TRY IT
For every record, give an exact copy that has no pictures in it.

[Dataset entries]
* * * * *
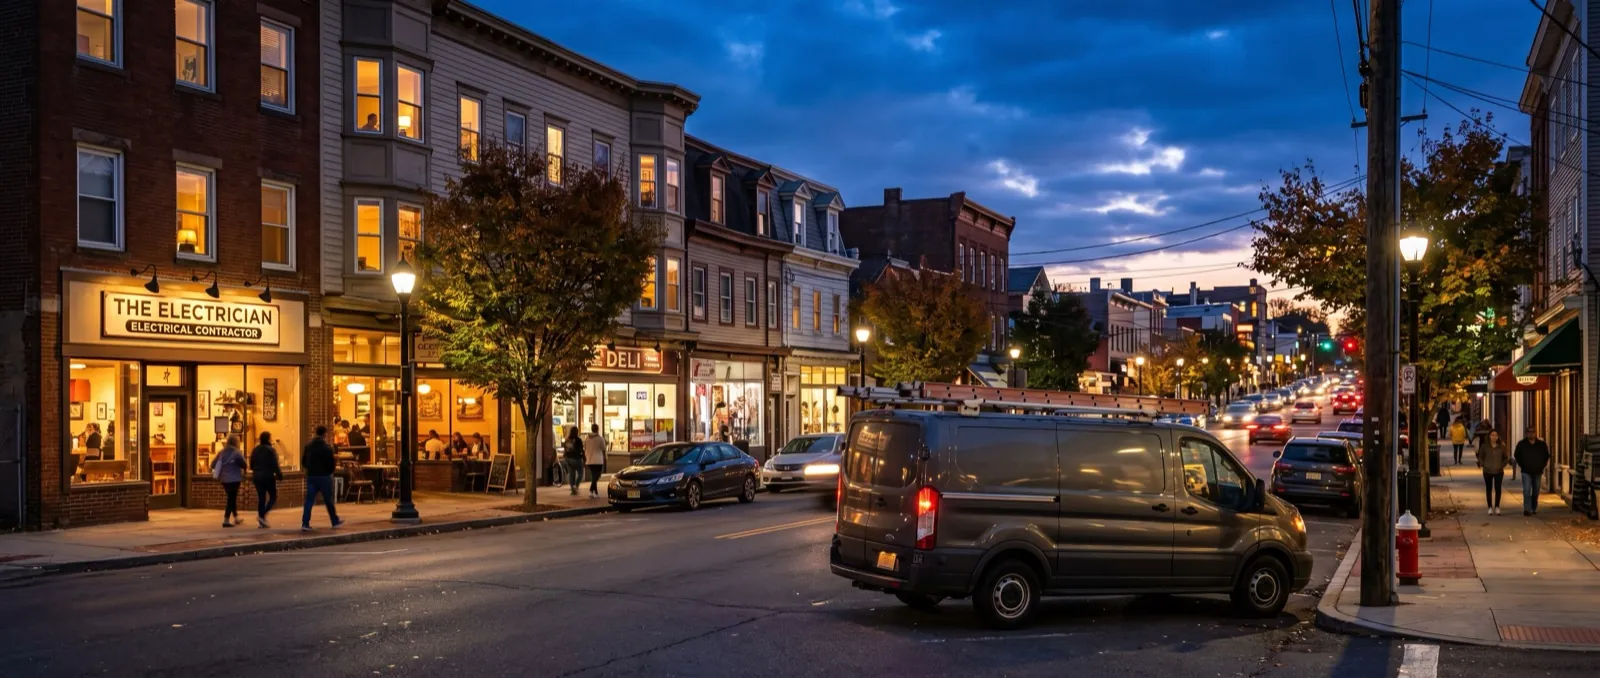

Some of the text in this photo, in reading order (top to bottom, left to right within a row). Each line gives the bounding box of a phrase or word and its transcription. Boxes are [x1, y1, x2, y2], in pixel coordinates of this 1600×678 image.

[114, 298, 272, 325] THE ELECTRICIAN
[131, 321, 258, 339] ELECTRICAL CONTRACTOR
[606, 350, 641, 369] DELI
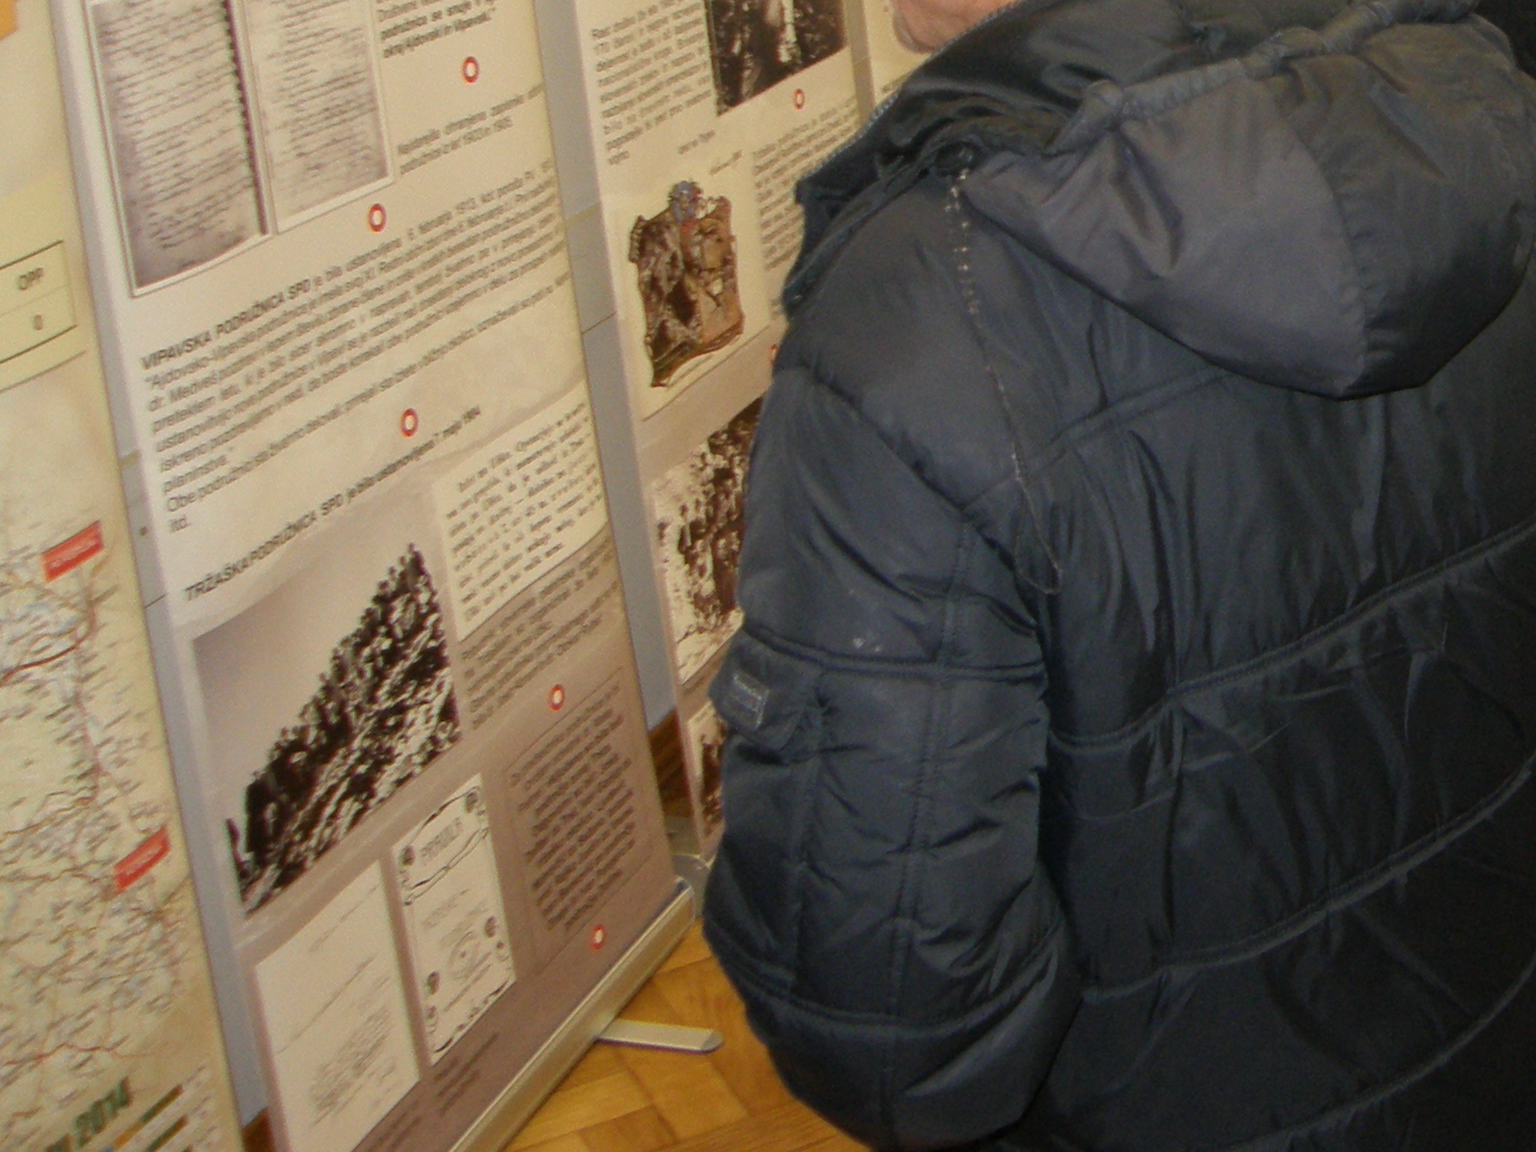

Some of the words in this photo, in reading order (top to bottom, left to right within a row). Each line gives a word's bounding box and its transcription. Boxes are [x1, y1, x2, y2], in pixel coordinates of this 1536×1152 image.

[142, 332, 211, 369] VIPAVSKA
[216, 292, 284, 338] PODRUŽNICA
[288, 279, 310, 299] SPD
[167, 493, 195, 512] Obe
[185, 556, 249, 600] TRŽAŠKA
[251, 509, 317, 564] PODRUŽNICA
[321, 493, 344, 517] SPD
* * * * *
OUTPUT
Some of the text in this photo, in reading order (top to bottom, left to right within a row). Each line gives the bounding box of a phrase or word and its transcription. Boxes are [x1, y1, x2, y2], in pixel coordinates of this 1600×678 image.

[114, 298, 272, 325] THE ELECTRICIAN
[131, 321, 258, 339] ELECTRICAL CONTRACTOR
[606, 350, 641, 369] DELI

Some of the words in this photo, in reading order (top to bottom, left to right within a row). Each line gives a word's bounding box and its transcription. Boxes are [x1, y1, x2, y2], in pixel coordinates of this 1536×1152 image.

[142, 332, 211, 369] VIPAVSKA
[216, 292, 284, 338] PODRUŽNICA
[288, 279, 310, 299] SPD
[167, 493, 195, 512] Obe
[185, 556, 249, 600] TRŽAŠKA
[251, 509, 317, 564] PODRUŽNICA
[321, 493, 344, 517] SPD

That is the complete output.